YOUR TASK → Beginning with the line that mentions "this 1280×1280 image.", reproduce every line through the last line of the entries, exactly, and only those.

DATA SECTION →
________

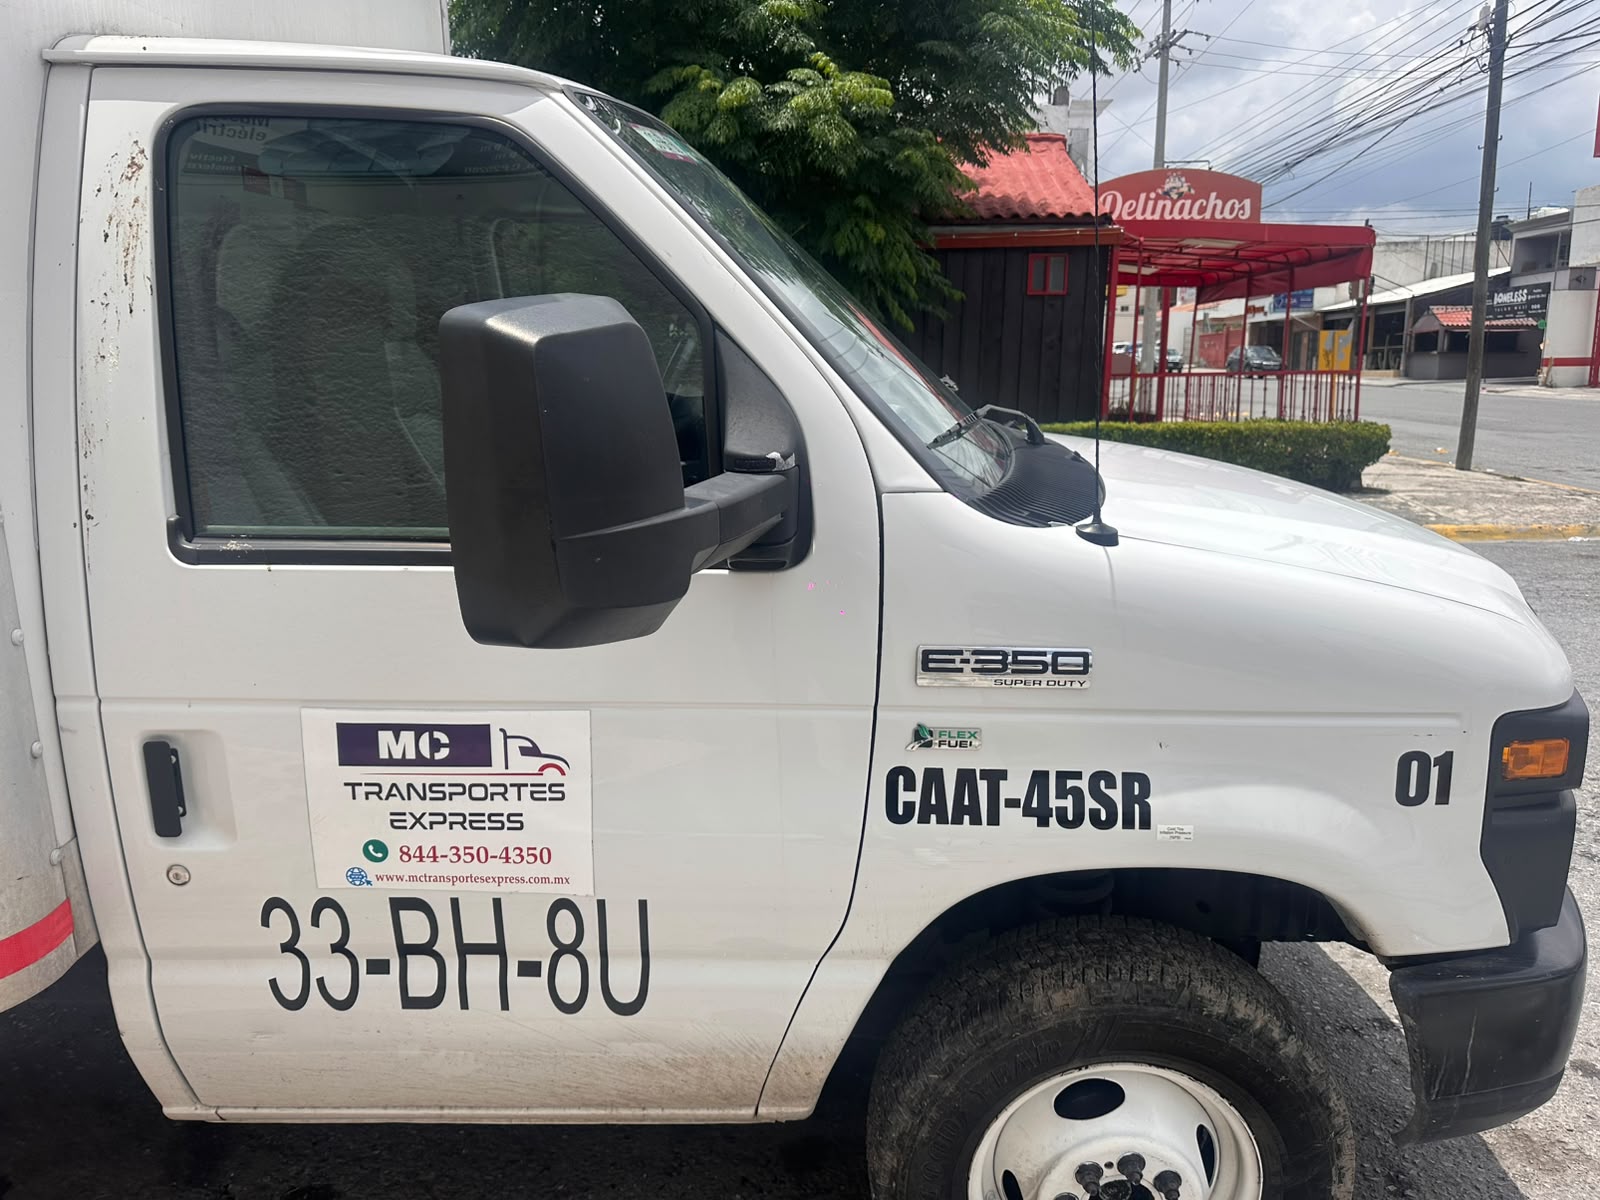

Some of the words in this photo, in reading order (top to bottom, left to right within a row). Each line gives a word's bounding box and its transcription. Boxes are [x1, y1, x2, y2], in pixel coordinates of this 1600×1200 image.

[1099, 190, 1251, 221] Delinachos
[921, 649, 1090, 675] E-350
[993, 678, 1042, 687] SUPER
[1046, 679, 1087, 688] DUTY
[377, 730, 450, 761] MC
[938, 730, 978, 740] FLEX
[1395, 750, 1454, 807] 01
[343, 782, 566, 802] TRANSPORTES
[885, 765, 1152, 831] CAAT-45SR
[389, 811, 525, 831] EXPRESS
[399, 845, 552, 864] 844-350-4350
[375, 872, 571, 887] www.mctransportesexpress.com.mx
[260, 897, 651, 1016] 33-BH-8U
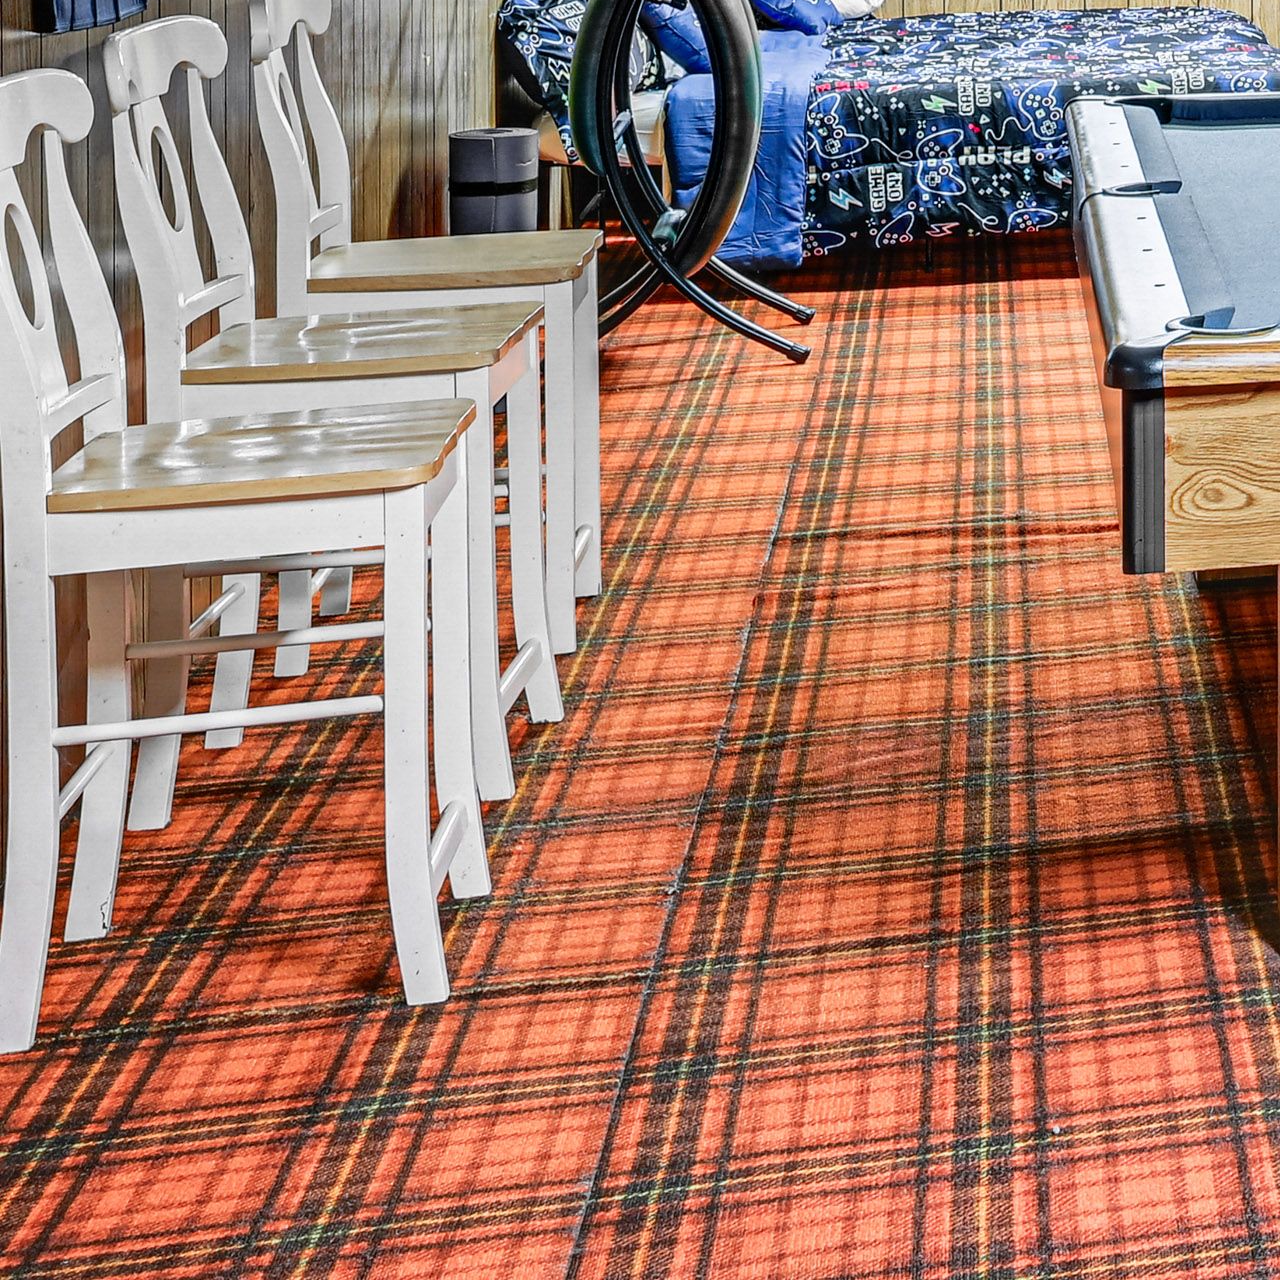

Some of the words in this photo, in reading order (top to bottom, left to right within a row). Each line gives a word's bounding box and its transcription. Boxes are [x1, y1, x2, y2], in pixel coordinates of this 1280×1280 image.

[549, 0, 586, 19] GAME
[958, 146, 1031, 166] PLAY
[868, 166, 886, 212] GAME
[886, 172, 904, 202] ON

________

SOLVED EXERCISE →
Some of the words in this photo, in reading order (top to bottom, left to right within a row). Each line gives a word's bounding box and its transcription. Boxes are [x1, y1, x2, y2], in pixel coordinates of this 1280×1280 image.

[549, 0, 586, 19] GAME
[958, 146, 1031, 166] PLAY
[868, 166, 886, 212] GAME
[886, 172, 904, 202] ON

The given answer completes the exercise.